My Data Analysis Portfolio

Introduction

From reading a lot of data viz experts and tutors comments on platforms such as LinkedIn, one recommendation that keeps popping up is that any aspiring or practising “visualizer” should maintain a portfolio of work to showcase the skills and breadth of work that they may have.

I have taken that advice, and put together this portfolio style blog. Most of the visualizations that I create in a professional field are not something that I can necessarily share in the public domain, therefore I am opting to showcase the fun challenges and trials I have taken part in over the last 6-8 months.

These mostly include the Maven Analytics challenges, and are mostly performed in Power BI, although there are a few Tableau examples in there too. There are other examples from Onyx and Dataworld.

I have decided to post the visualizations in reverse chronological order for each section, to (hopefully) show some kind of progress in technique and presentation.
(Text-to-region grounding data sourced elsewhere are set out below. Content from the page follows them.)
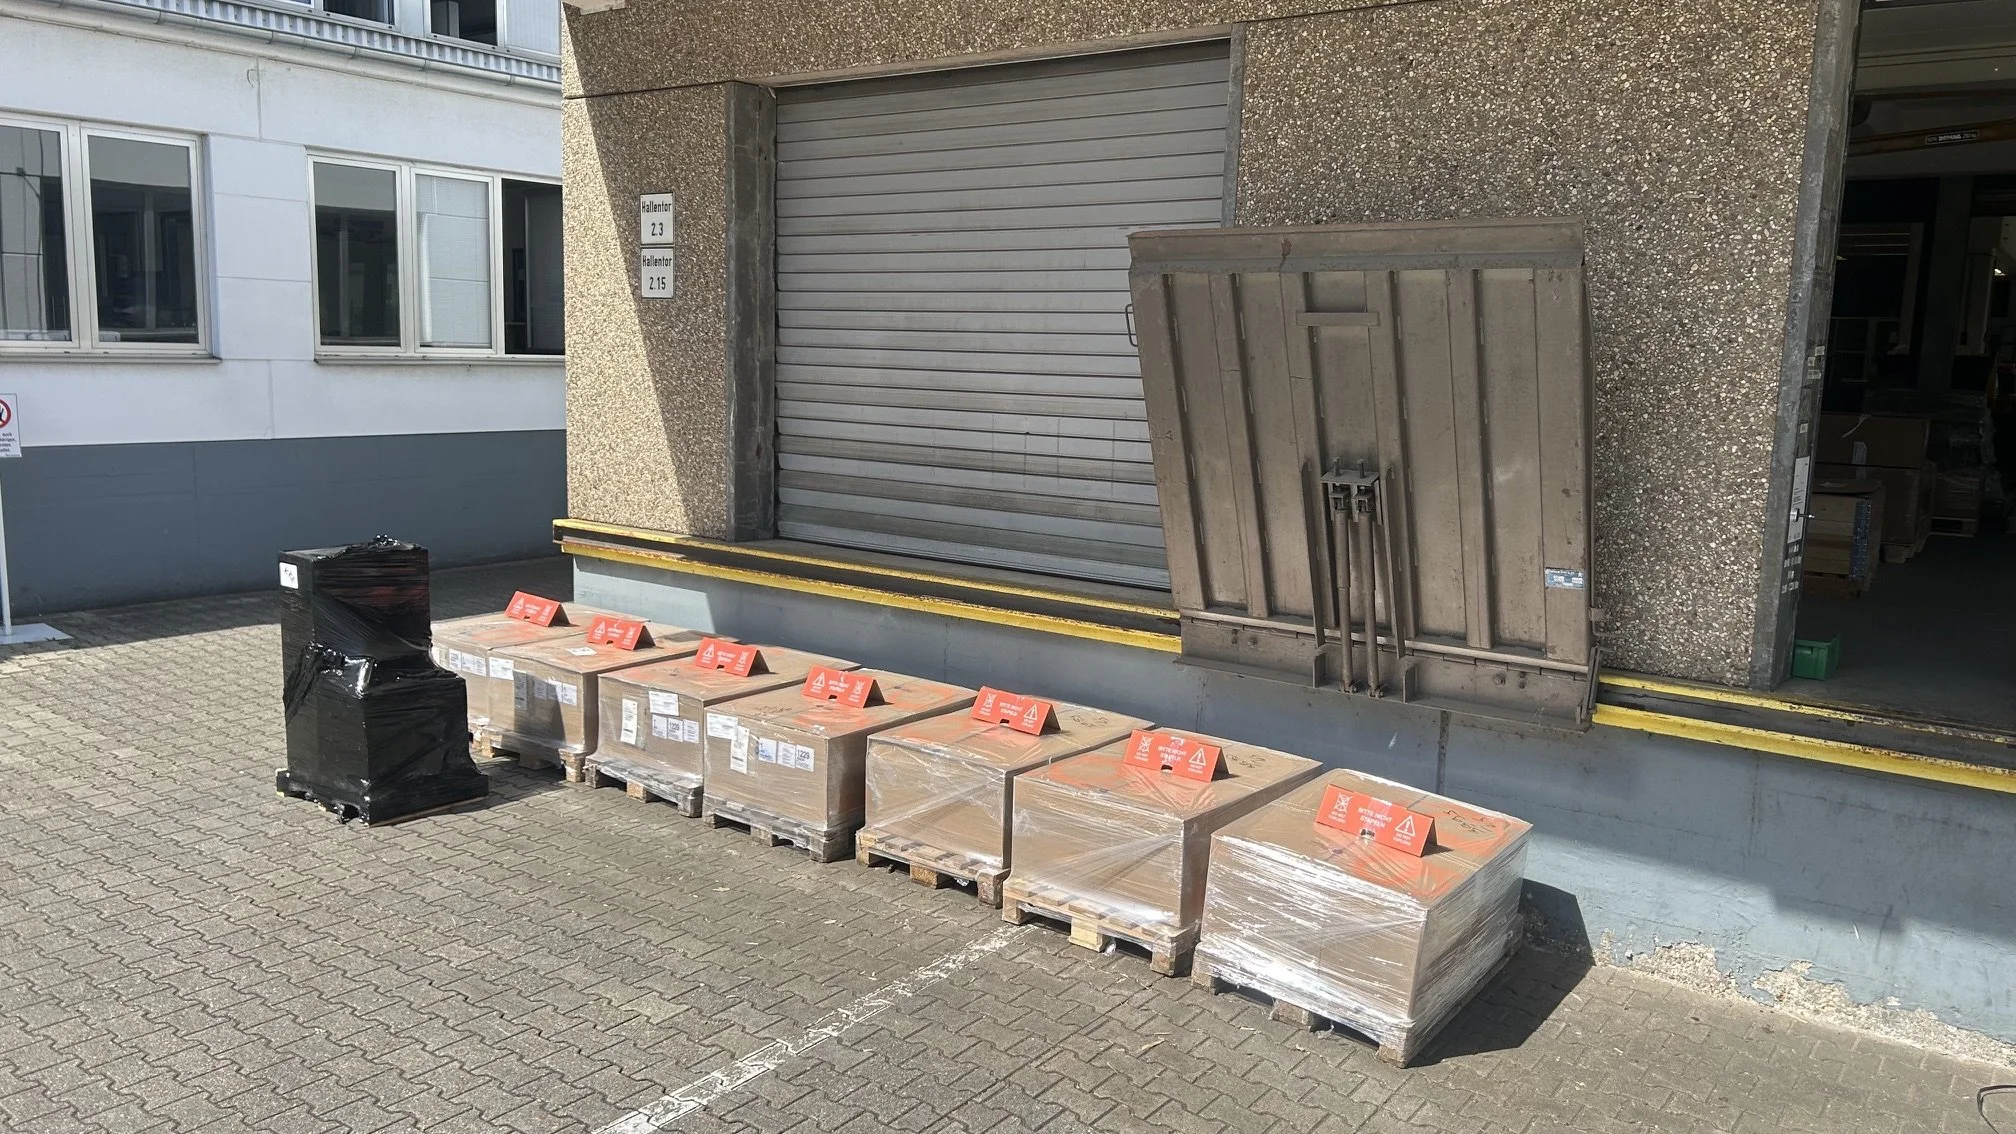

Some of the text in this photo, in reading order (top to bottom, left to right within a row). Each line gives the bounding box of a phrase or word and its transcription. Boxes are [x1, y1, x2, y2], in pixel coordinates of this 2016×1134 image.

[641, 200, 672, 213] Hallentor
[651, 222, 664, 236] 2.3
[642, 255, 672, 267] Hallentor
[649, 276, 666, 290] 2.15
[797, 749, 810, 760] 1229
[1358, 808, 1393, 823] BITTE NICHT
[1359, 816, 1386, 828] STAPELN
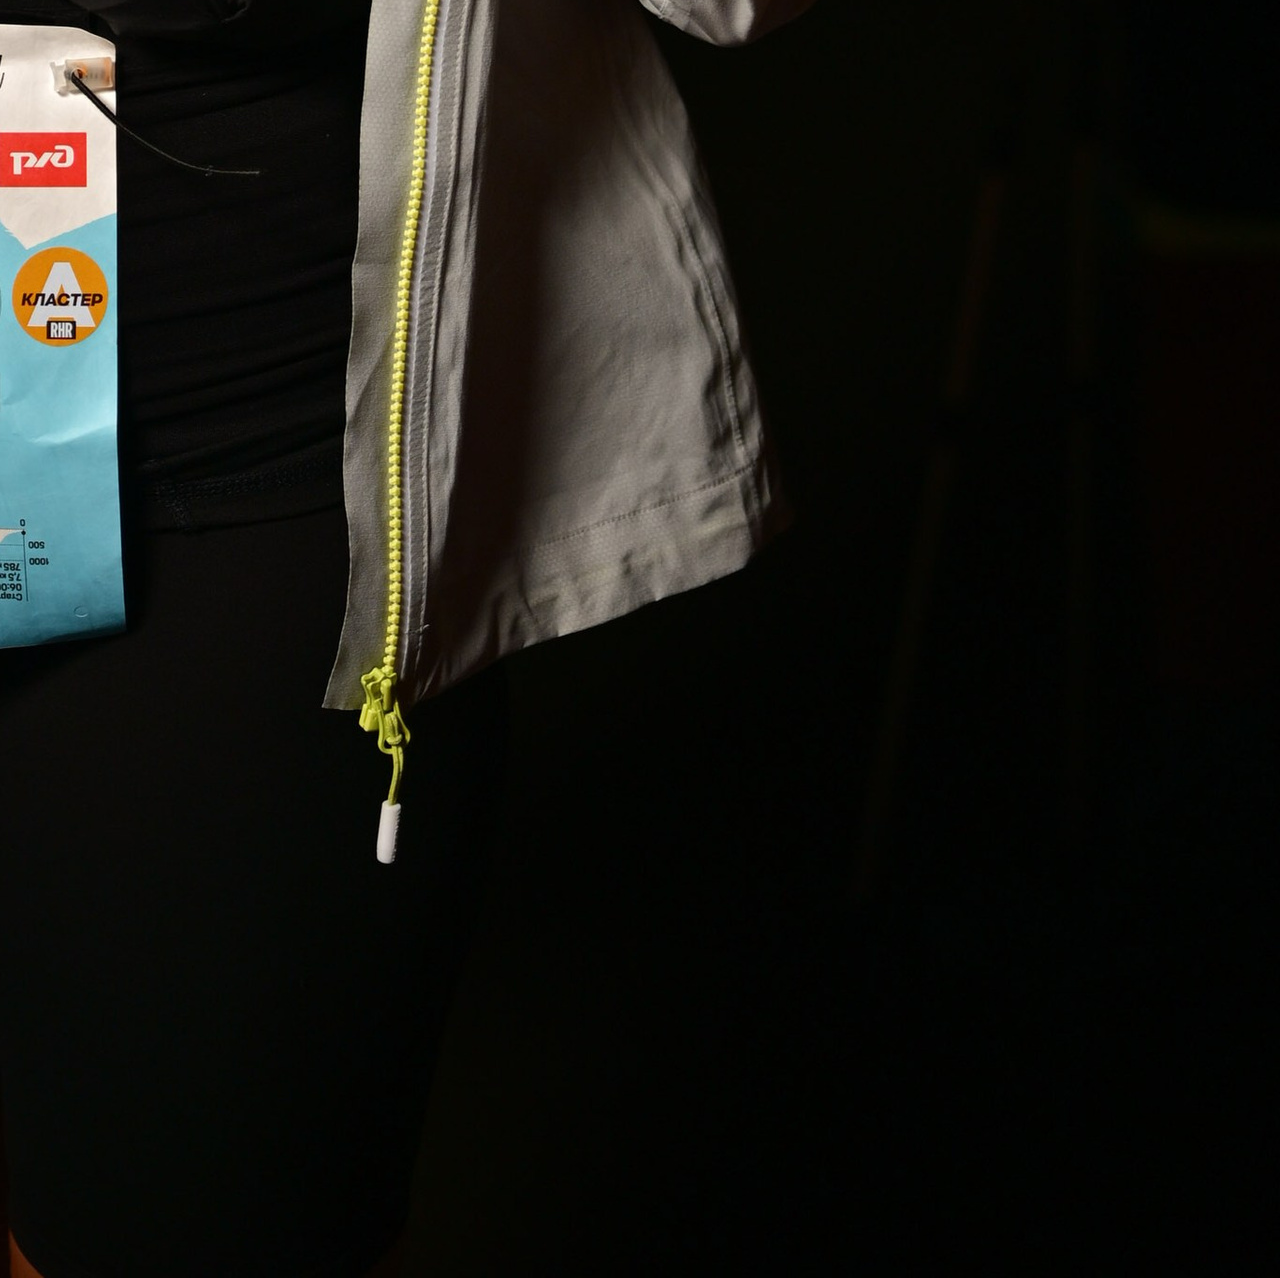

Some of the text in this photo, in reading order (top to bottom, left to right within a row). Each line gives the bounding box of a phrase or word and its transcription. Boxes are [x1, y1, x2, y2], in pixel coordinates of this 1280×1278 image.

[21, 292, 103, 307] КЛАСТЕР
[50, 322, 73, 338] RHR
[20, 519, 26, 527] 0
[28, 541, 45, 549] 500
[29, 557, 49, 566] 1000
[3, 562, 22, 571] 785
[8, 572, 22, 581] 7,5
I will keep this “live” as a repository for my public displays.

Maven Challenges

The details for all these challenges can be found here.

2022

Maven Space Challenge – Current Entry

This is the current challenge in August and September 2022, and relates to analysing space mission data from the 1950s to present, and coming up with a visual that captures the awe of space travel. I felt that the data required some supporting context to bring alive the “awe” of travel, and focused on missions which either visited other planets within our solar system, or journeyed beyond our realm.
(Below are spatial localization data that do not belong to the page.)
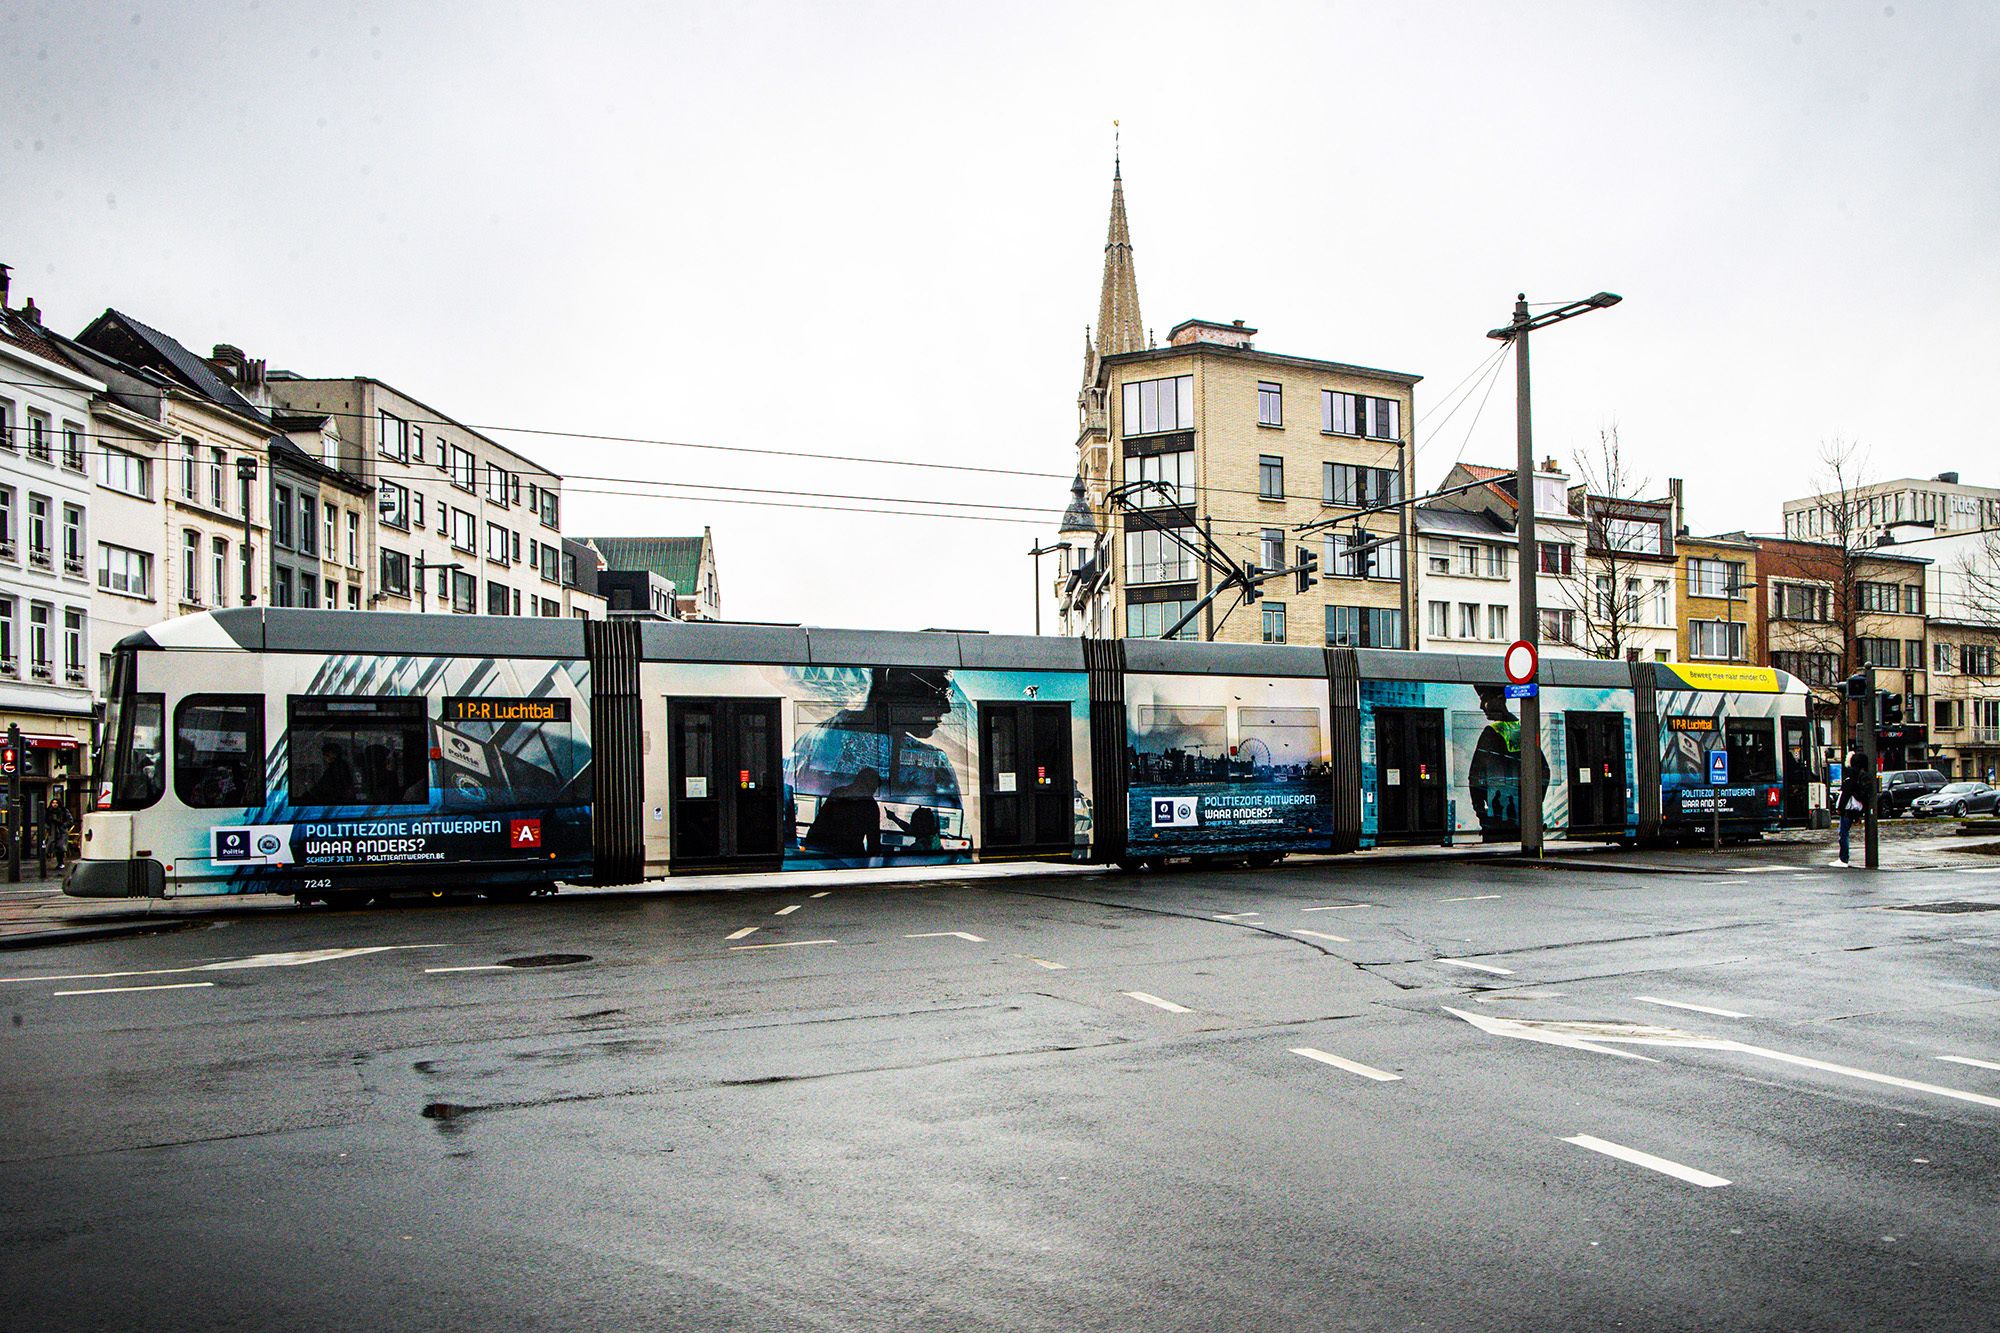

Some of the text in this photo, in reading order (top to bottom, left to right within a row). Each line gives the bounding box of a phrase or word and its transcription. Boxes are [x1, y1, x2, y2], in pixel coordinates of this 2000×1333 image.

[1690, 671, 1712, 680] Beweeg
[1713, 672, 1724, 680] mee
[1726, 672, 1738, 680] naar
[1740, 673, 1758, 681] minder
[457, 703, 554, 718] 1 P+R Luchtbal
[1687, 720, 1713, 730] Luchtbal
[1721, 788, 1755, 797] ANTWERPEN
[1770, 792, 1777, 802] A
[1205, 794, 1316, 807] POLITIEZONE ANTWERPEN
[1682, 799, 1700, 808] WAAR
[1205, 808, 1272, 820] WAAR ANDERS?
[306, 820, 501, 838] POLITIEZONE ANTWERPEN
[518, 825, 535, 842] A
[222, 848, 244, 856] Politie
[306, 838, 426, 855] WAAR ANDERS?
[306, 855, 335, 864] SCHRIJF
[366, 852, 445, 862] POLITIEANTWERPEN.BE
[304, 878, 332, 889] 7242
As such, I experimented in some visuals to try and bring out that story. I took a little inspiration from the Beastie Boys, with the title of the visual, and the fonts taken from their album (Hello Nasty). Below is my entry, and my LinkedIn submission post.

Maven Telecoms Churn Challenge – Winner

This challenge was in finalised in July 2022, and related to a set of customer profile data for a fictional telecoms service provider in California. The challenge brief was to identify high value clients, examine churn risk, and look at what steps can be taken to retain clients.

This analysis involved creating a set of normalised metrics to look at both value and risk, based on the profile characteristics of the clients. I have done a more detailed write up on my approach here.

This entry was the winner out of over 300 entries, with the Linkedin notification here, and the judging panel video here.

Power BI – Maven Churn Challenge

Maven Airlines Challenge – Finalist

This challenge ran from May through to mid June 2022, and was in relation to a fictional airline which had crossed the line of having more than 50% of passengers feeling unsatisfied by their experience in travelling with them.

The challenge was to analyze around 130,000 survey responses which included Likert type data, and investigate key areas of improvement which could help get the airline back on track with their passengers. Here is a link to my LinkedIn post, and a snapshot below of my work performed in Power Query and Power BI.

Power BI

Maven Unicorn Challenge – Joint Winner

This challenge was between April and May 2022, and used a summary dataset looking at the valuation, funding, location and investors involved in global unicorns – the $1bn+ privately owned companies, and not the other fantasy figures!

The brief was to illustrate the global landscape of unicorns, and below is my proposed report, which was posted on LinkedIn as usual.

Maven Remote Work Challenge – Finalist (2nd)

This challenge took place during March 2022. It involved analysing the results of two comprehensive surveys which posed over 100 questions to in excess of 1,500 people on the subject of remote working both during and after the recent COVID pandemic lockdowns in NSW, Australia.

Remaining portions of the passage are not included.